Well here’s where it gets good. Remember the 68-95-99.7 Rule? Well the Central Limit Theorem tells
us that the distribution of sample means is normal. Even if our samples have skewed distributions,
when we create a distribution of sample means (of those sample distributions) it is normal. So, good
news! We can apply the 68-95-99.7 Rule! For a distribution of sample means: 68% of the values fall
within 1 standard error of the true population mean; 95% of values fall within 2 standard errors of the true
population mean; 99.7% of values fall within 3 standard errors of the mean.
Now, let’s try to put this all together: Remember from Video 2.1 that we have a measurement that has a
distribution and a mean (or some parameter). So, based on the Central Limit Theorem, our sample mean
(or other sample parameter) has a 95% chance of being within 2 standard errors of the true population
mean. The larger the standard error, the larger the range of possible values that the true population mean
can take, and the lower the likelihood that our sample parameter is close to the true population mean.
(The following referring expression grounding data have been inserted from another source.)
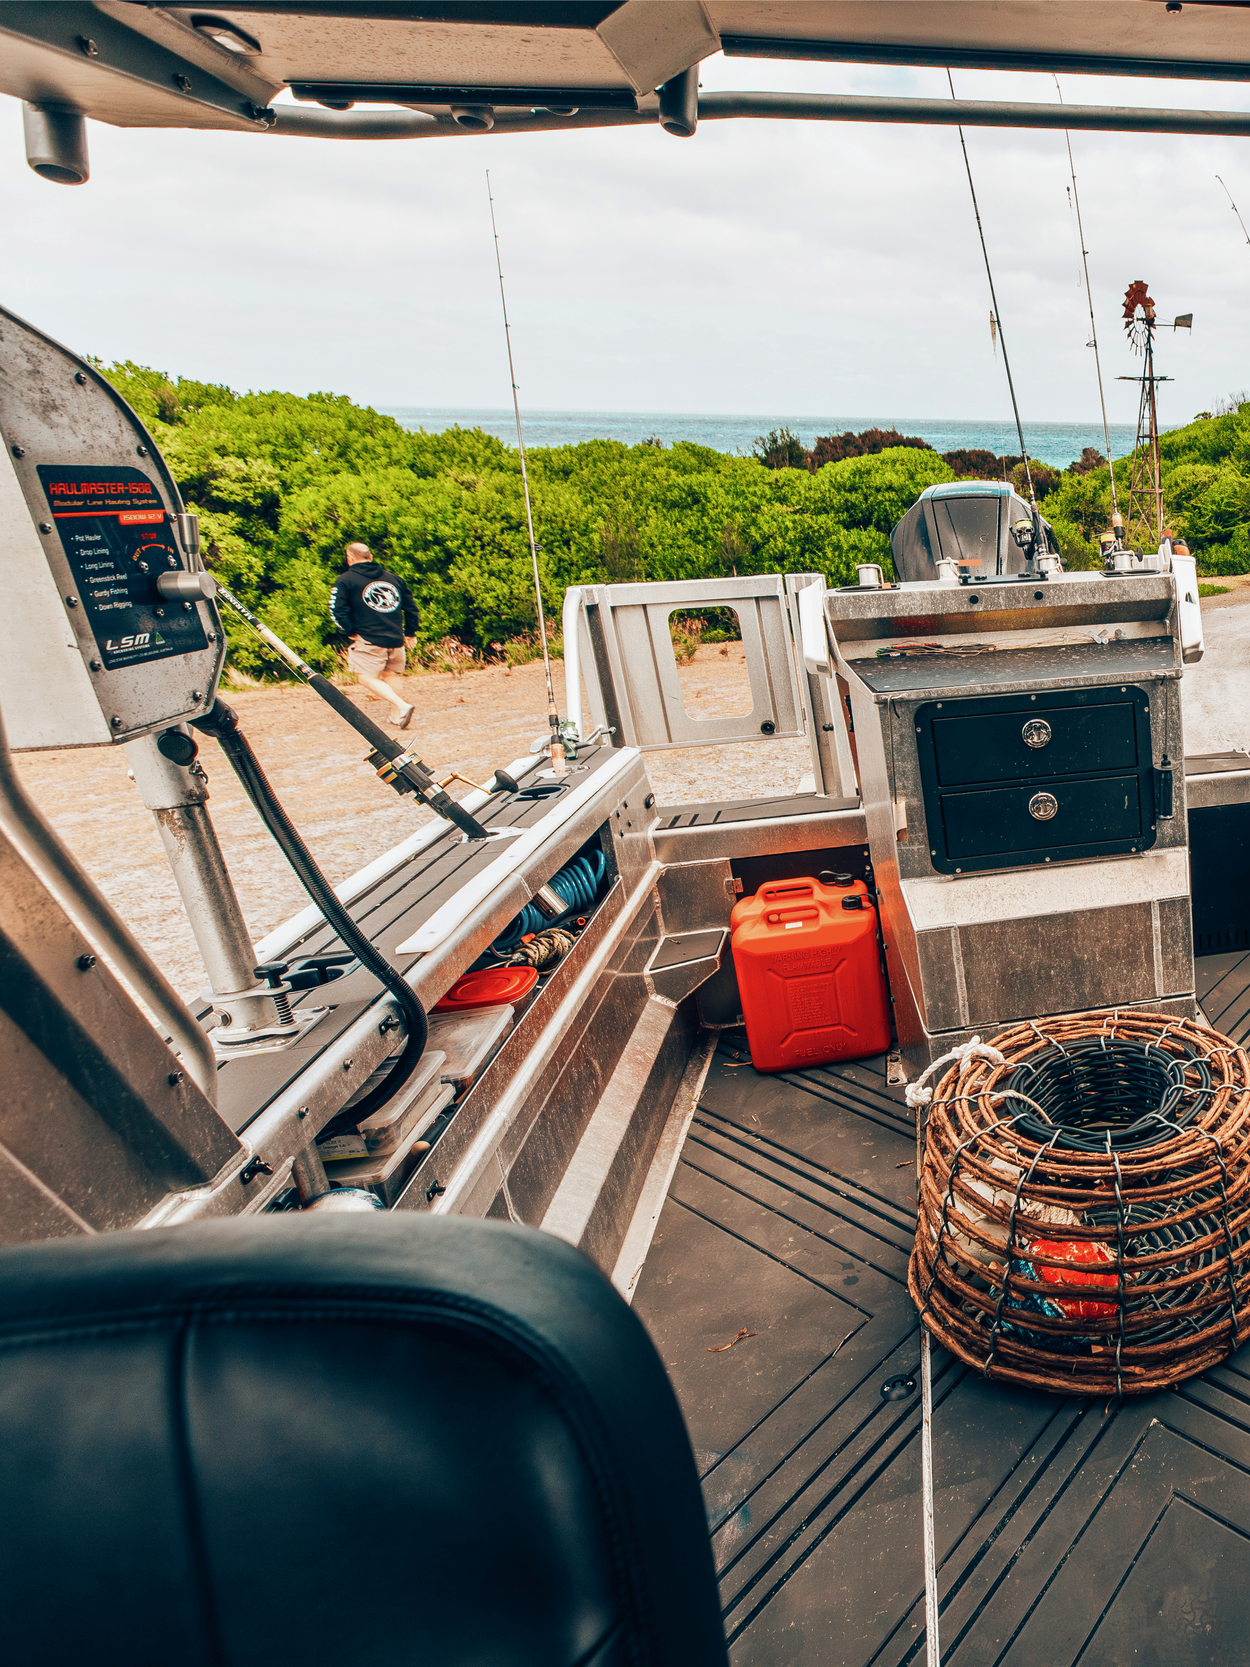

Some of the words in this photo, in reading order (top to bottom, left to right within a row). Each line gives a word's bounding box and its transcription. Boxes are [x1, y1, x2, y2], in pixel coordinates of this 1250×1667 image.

[132, 547, 142, 561] OUT
[217, 586, 256, 621] MARINER
[106, 633, 150, 650] LSM
[769, 952, 809, 962] WARNING
[812, 947, 841, 958] HIGHLY
[795, 1047, 820, 1057] FUEL
[823, 1042, 846, 1054] ONLY
Remember back in the regression tables? We are testing against the hypothesis that no relationship exists
-- that x has no influence on y. For each explanatory (independent) variable, we have a beta coefficient
(or parameter) that is an estimate of the influence that variable on the dependent variable. Reported
alongside the parameter is the standard error. Now consider for a moment a situation where the parameter
estimate is 5 and the standard error is 3. So, for a 95% level of confidence in the relationship, we have: 5
+/– (2*3) = 5 +/- 6. Therefore the true population parameter (which is an estimate of the influence of x
on y) is somewhere between -1 and 11. This includes 0. Zero is a parameter that indicates that x has no
influence on y. When the parameter is 0, there is no relationship between x and y. Our confidence
interval ranges from -1 to 11, so we cannot confirm that the true population parameter is not 0. We
cannot reject the null hypothesis of no relationship, and we cannot confirm our hypothesis (the alternative
hypothesis). In sum, when you are looking at the parameter estimates and standard errors in a regression
model, and twice a standard error is larger than the parameter estimate itself, the probability of no
relationship is high (p-value is greater than 0.05).
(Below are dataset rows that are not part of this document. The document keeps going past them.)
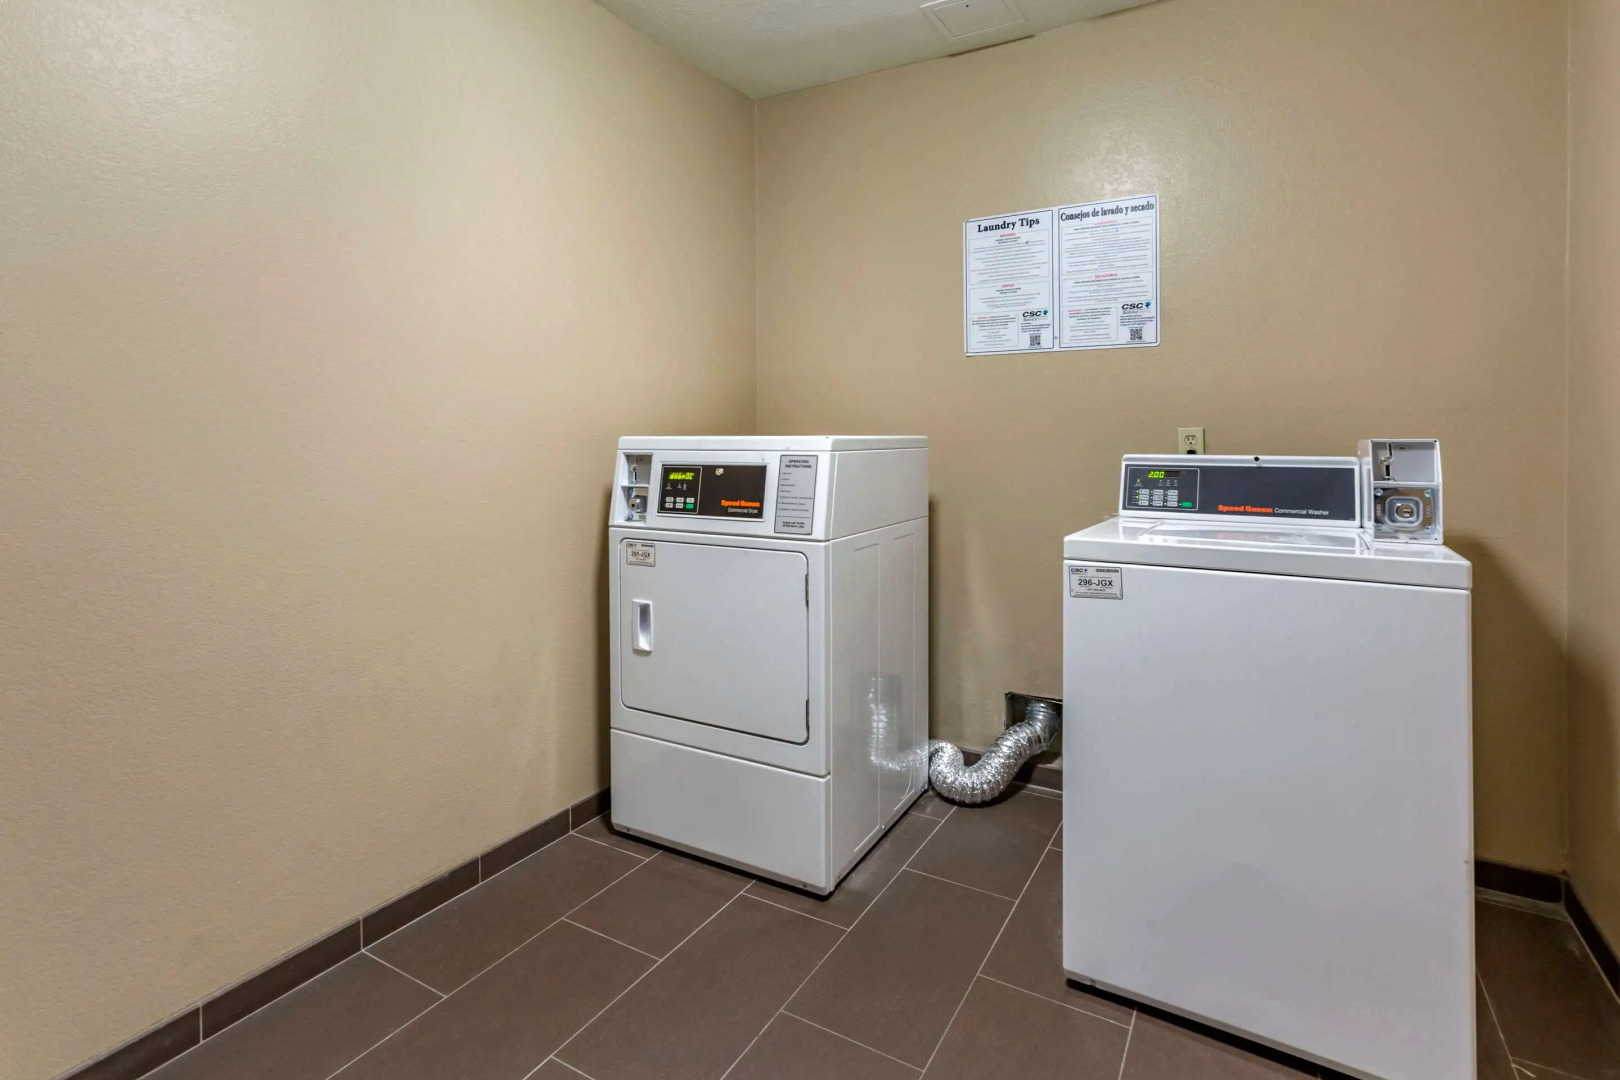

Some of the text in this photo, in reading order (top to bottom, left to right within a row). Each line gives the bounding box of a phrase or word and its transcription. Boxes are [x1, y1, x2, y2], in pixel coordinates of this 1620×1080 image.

[1060, 201, 1155, 221] Consejos de lavado y secado
[977, 217, 1040, 233] Laundry Tips
[1122, 302, 1144, 310] CSC
[1022, 310, 1042, 318] CSC
[721, 499, 740, 507] Speed
[1217, 504, 1330, 516] Speed Queen Commercial Washer
[1078, 578, 1114, 587] 296-JGX
Ok, now let’s tackle the margin of error. Some of you that look at a lot of public opinion polls may
already be quite familiar with it. Sampling error, or the margin of error, is random error that occurs when
we sample from a population. Remember, the law of large numbers tells us that the larger our sample, the
closer we are to sampling the entire population, and the closer our sample parameters will be to the true
population parameters. So, the larger the sample, the smaller the margin of error.
Margin of error is extremely relevant for surveys because it tells us how close a sample parameter is to
the true population parameter. For example, if we have a survey question that asks whether people agree
or disagree with some public policy (so a dummy measurement with only agree and disagree as the
choices). We find that 53% of people agree with the policy. This seems like it might be a majority, right?
But we cannot say that until we look at the margin of error. We use the equation and find that because the
sample size was so small (500 people), the margin of error is about 4.4%. This means that the percentage
of people in the population that agree with the policy ranges between 48.6% and 57.6%. That means we
cannot actually say that there is majority agreement (because the range of possible values does not remain
above 50%).
With that, I am concluding the video on sampling.